Return every line of the records below verbatim, with no pictures in the copy.

[Stored data entries]
_ _ _ _

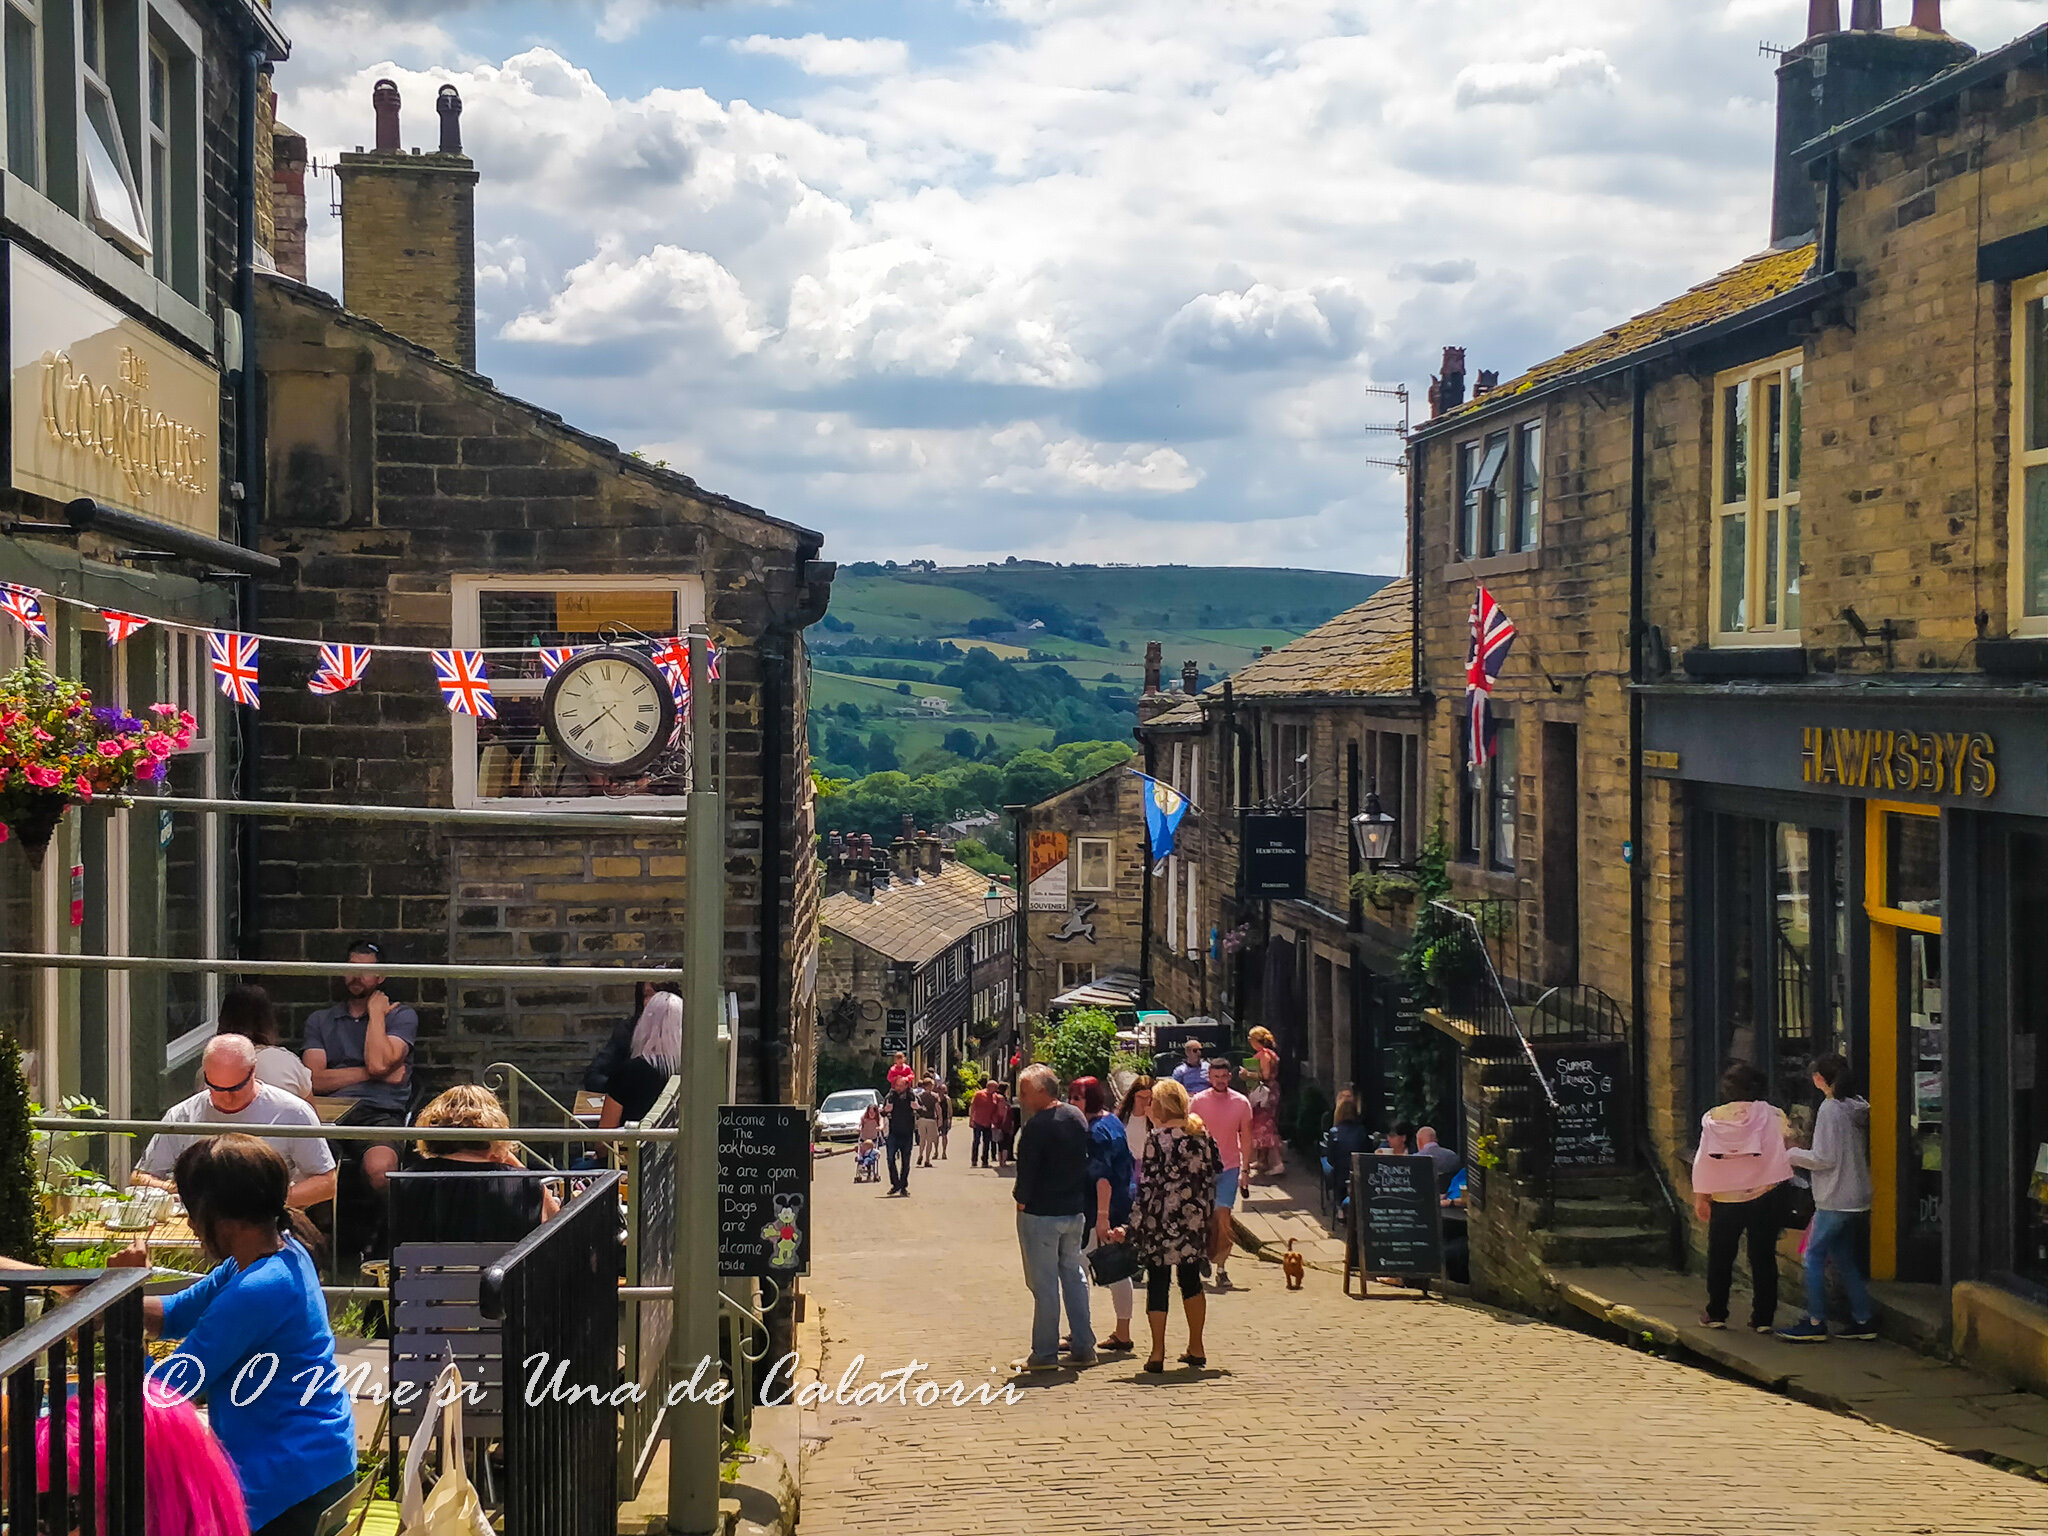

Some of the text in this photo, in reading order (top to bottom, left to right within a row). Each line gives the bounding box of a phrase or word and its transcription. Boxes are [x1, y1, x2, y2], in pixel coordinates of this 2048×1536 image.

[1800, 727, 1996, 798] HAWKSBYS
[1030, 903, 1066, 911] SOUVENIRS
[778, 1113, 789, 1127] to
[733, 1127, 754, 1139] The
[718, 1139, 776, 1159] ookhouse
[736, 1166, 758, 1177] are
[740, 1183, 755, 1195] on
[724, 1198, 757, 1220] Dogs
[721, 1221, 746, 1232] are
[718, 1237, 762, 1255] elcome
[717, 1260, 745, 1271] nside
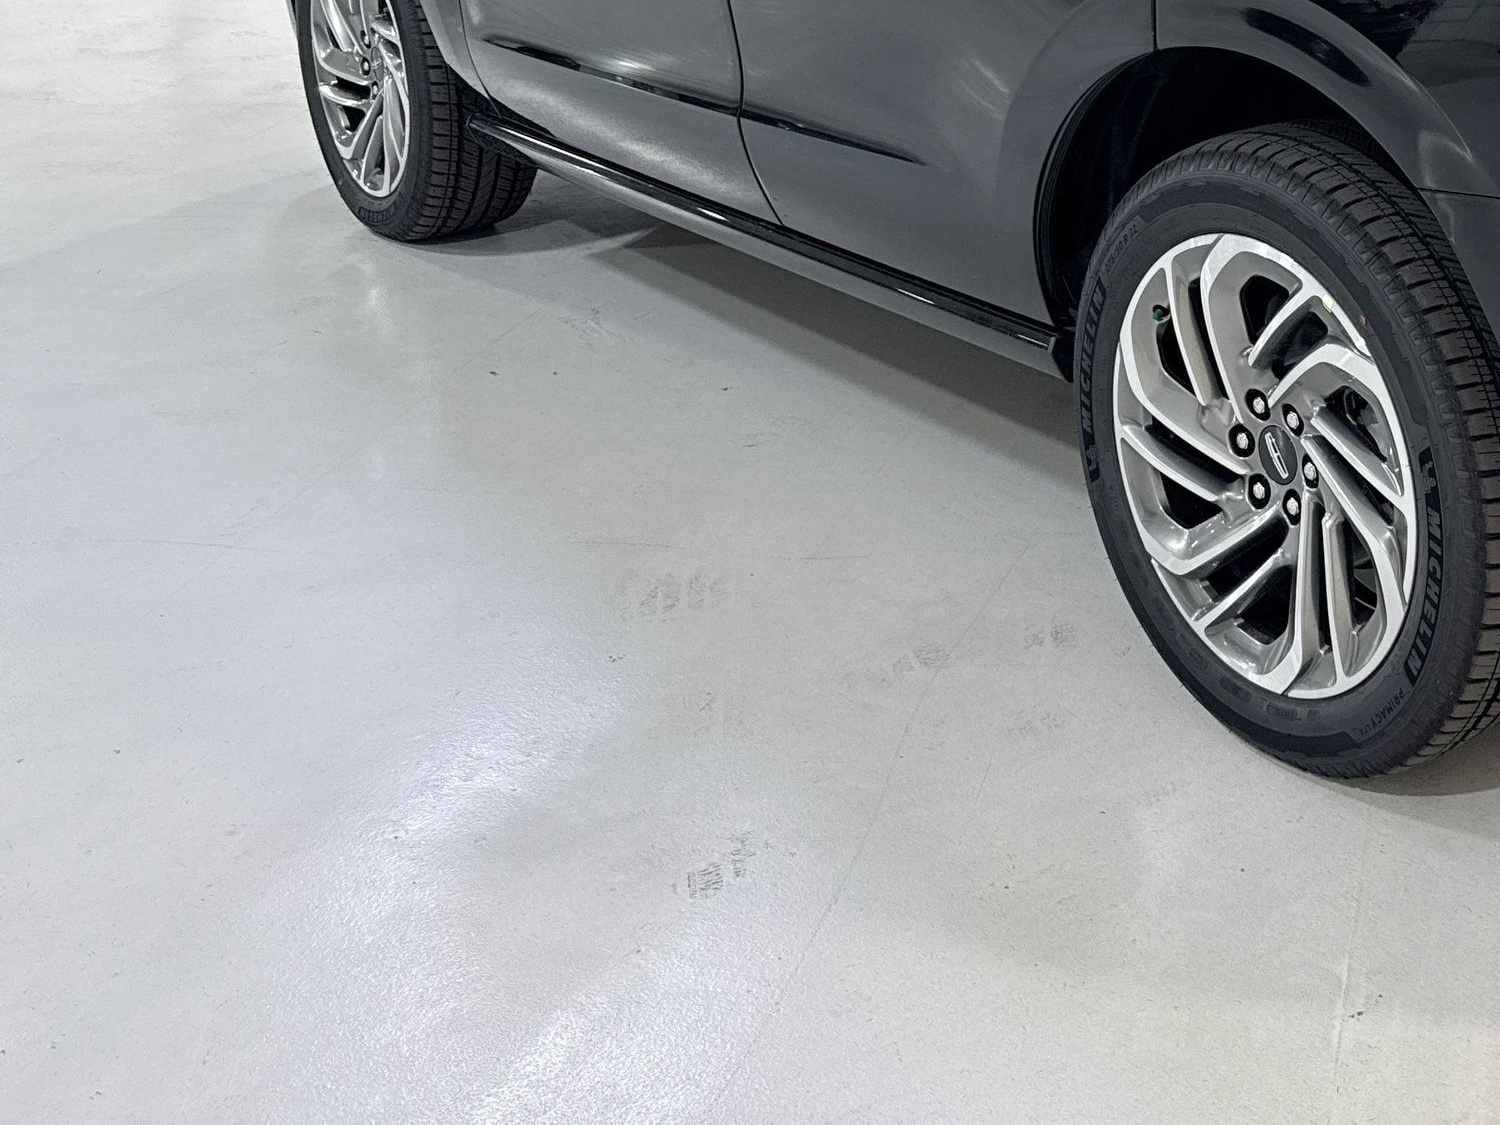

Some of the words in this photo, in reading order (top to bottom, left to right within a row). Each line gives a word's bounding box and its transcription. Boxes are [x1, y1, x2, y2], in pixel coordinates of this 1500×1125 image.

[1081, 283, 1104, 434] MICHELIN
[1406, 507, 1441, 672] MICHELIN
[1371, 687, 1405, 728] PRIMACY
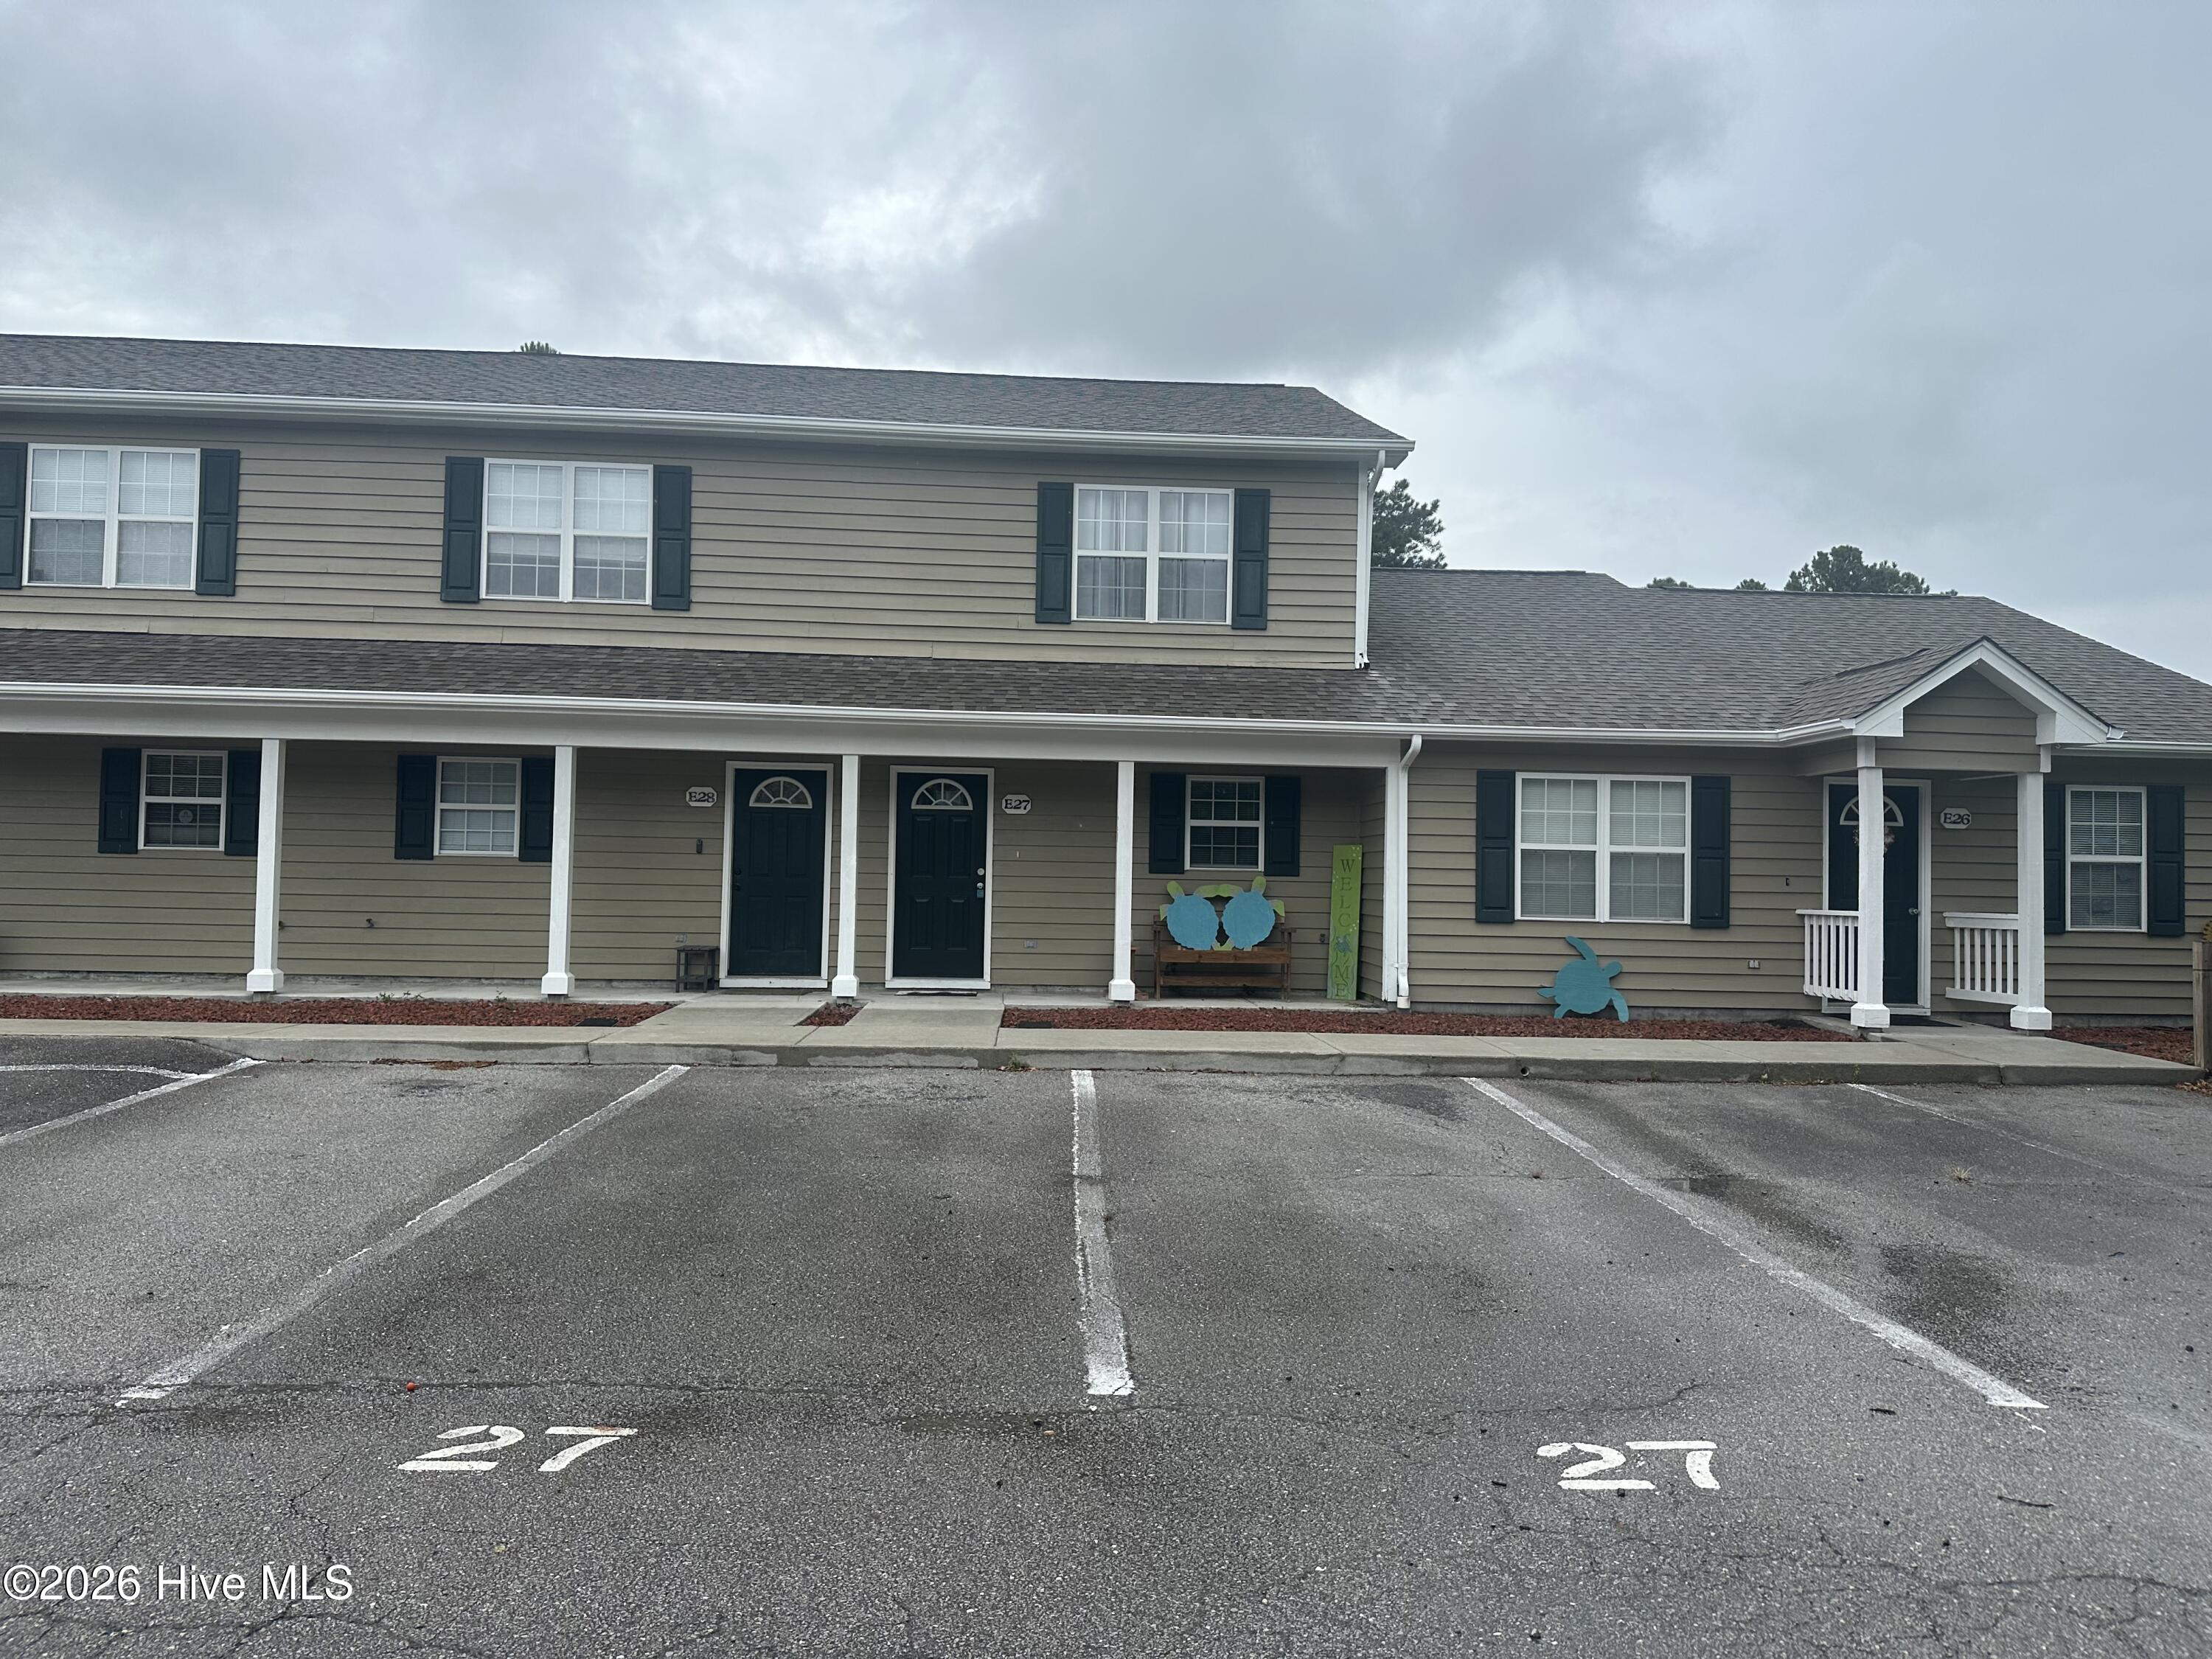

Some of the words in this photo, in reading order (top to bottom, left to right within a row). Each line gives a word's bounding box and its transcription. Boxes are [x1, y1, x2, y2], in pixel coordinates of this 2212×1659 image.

_ _ _ _

_Answer section_
Some of the text in this photo, in reading order (top to bottom, left to right within a row). Each line gives the bounding box of a phrase or word and its transcription. Boxes are [x1, y1, x2, y2], in pixel coordinates of this 2048×1536 image.

[1800, 727, 1996, 798] HAWKSBYS
[1030, 903, 1066, 911] SOUVENIRS
[778, 1113, 789, 1127] to
[733, 1127, 754, 1139] The
[718, 1139, 776, 1159] ookhouse
[736, 1166, 758, 1177] are
[740, 1183, 755, 1195] on
[724, 1198, 757, 1220] Dogs
[721, 1221, 746, 1232] are
[718, 1237, 762, 1255] elcome
[717, 1260, 745, 1271] nside

Some of the words in this photo, in reading order (top to bottom, left to right within a row). Each line gives a word's bounding box and its transcription. Boxes are [x1, y1, x2, y2], in pixel coordinates of this 1500×1125 image.

[1081, 283, 1104, 434] MICHELIN
[1406, 507, 1441, 672] MICHELIN
[1371, 687, 1405, 728] PRIMACY

Some of the words in this photo, in reading order (top to bottom, left to right within a row). Each line gives a word's bounding box and its transcription. Boxes are [x1, y1, x2, y2], in pixel coordinates of this 2212×1659 image.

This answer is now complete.